While it’s true that my new job has many perks (did I mention the spa retreat in cottage country next month?), it’s not all rainbows and kitty cats. Aside from the whole working part of it, I’m also finding that the activities like grocery shopping that I once took for granted must now be squeezed into miniscule compartments of time while my kids clamber for my undivided attention.

The biggest hit has been to my exercise. Before starting my job, I was a regular at my kick-ass yoga studio’s sunrise yoga class (Hi Melissa! I miss you!) and downward dogging had become a daily obsession routine. I’ve tried practicing at home before work, but escaping to the land of Zen is difficult with a four-year-old trying to ride me like a horse. Sometimes I drag myself to a class after the kids are in bed, but I’m not in the habit of getting hot and sweaty after eight o’clock unless the Serb buys me a nice meal first.

Then I found Insanity, in every sense of the word. A couple of friends lost their post-baby weight with Insanity, a series of half-hour cross-fit DVD workouts. It’s an eight-week program that progressively intensifies, but I decided to start with the recovery week DVD that focused on core and balance—it sounded vaguely yoga-like and I figured I’d have a fighting chance.

Within minutes I was drenched in sweat as I lumbered through squats, lunges and push-ups. It was eerily similar to the boot camp I’d attempted last winter; that debacle had left me unable to rise from the toilet unassisted for a week thanks to my shredded quadriceps. When I saw the uber-fit twenty-somethings dripping from their efforts, I knew I was in trouble.

I rallied myself with the reminder that I’d birthed two babies, completed a triathlon and endured a 10-month ear infection. Surely I could make it through twenty-seven more minutes of sit-ups. I persevered and finished the workout. And three days later—when I could once again stand up from the toilet without assistance—I bought a six-month membership at the yoga studio.

I’ve determined that I like my exercise like I do my lovin’: sweaty, challenging and yielding positive results, but with minimal chance of me dying during the act.
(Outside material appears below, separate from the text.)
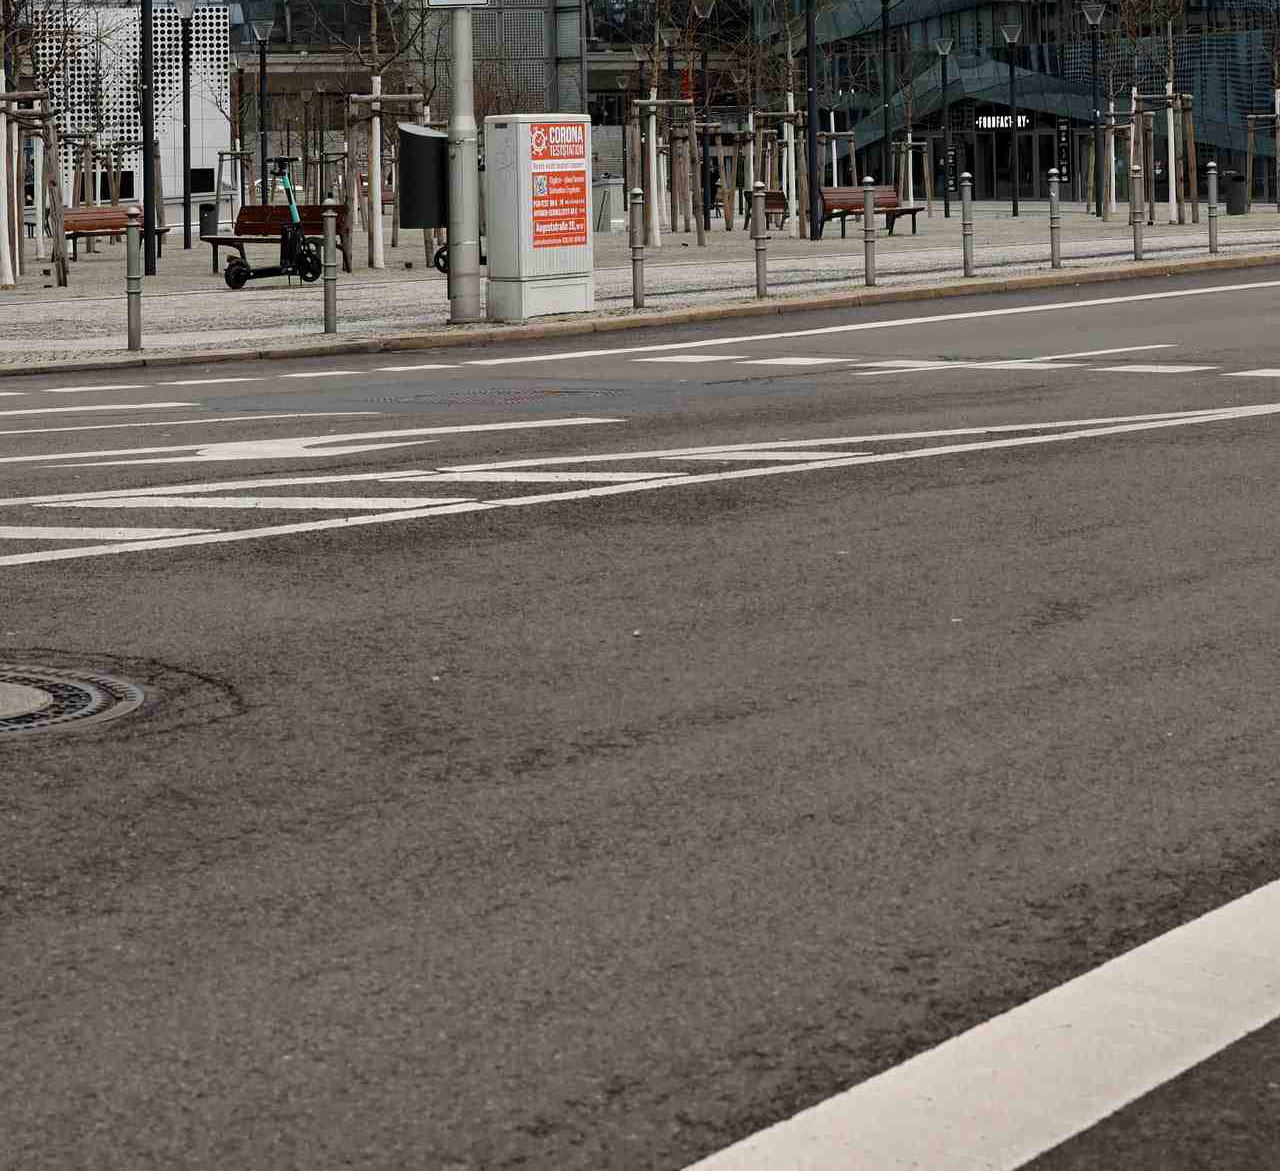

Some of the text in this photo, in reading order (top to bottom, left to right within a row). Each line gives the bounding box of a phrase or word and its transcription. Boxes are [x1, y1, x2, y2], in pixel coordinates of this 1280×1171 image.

Insanity Sample Workouts by simright

5 Responses to If I’m Not Barefoot, It’s Not Exercise

  • Sandra says:

    Oh Honey, I like to feel pain when I workout, and I find that Insanity is insane! I swear I thought I was going to roll my ankles this way and that with all that side to side, side to side, jump and down, roll over and bark like a dog! Ugh! Yup, I’m with you. I’ve turned in my dirty runners for a yoga membership as well. So yeah, next time you’re in Winnipeg: you, me, hot yoga, then we’ll regain all our calories at VJs.

  • Sara says:

    This looks like my once a week boxing class. I can only do it once a week because it takes me all week to recover! I love it because I know right after I feel like a hot skinny bitch…..but while I’m doing it – SUCKKKKKKS.

  • That clip was 2 minutes too long. SCARY!

  • I’m catching up with all my backed-up blog posts (but in the wrong direction…so it’s taking too long!) and now I really want to arrange some kind of writers retreat for us…

    lots of words, a little bit of wine, and no sweating after 8:00.
    Works for me.

    And you don’t even have to buy me dinner ;-)
    XO

  • Elena Aitken says:

    HA HA.
    I’ve heard of this Insanity. Aptly named….

    I too am aiming my focuses on yoga. Much more zen! Congrats on your new job!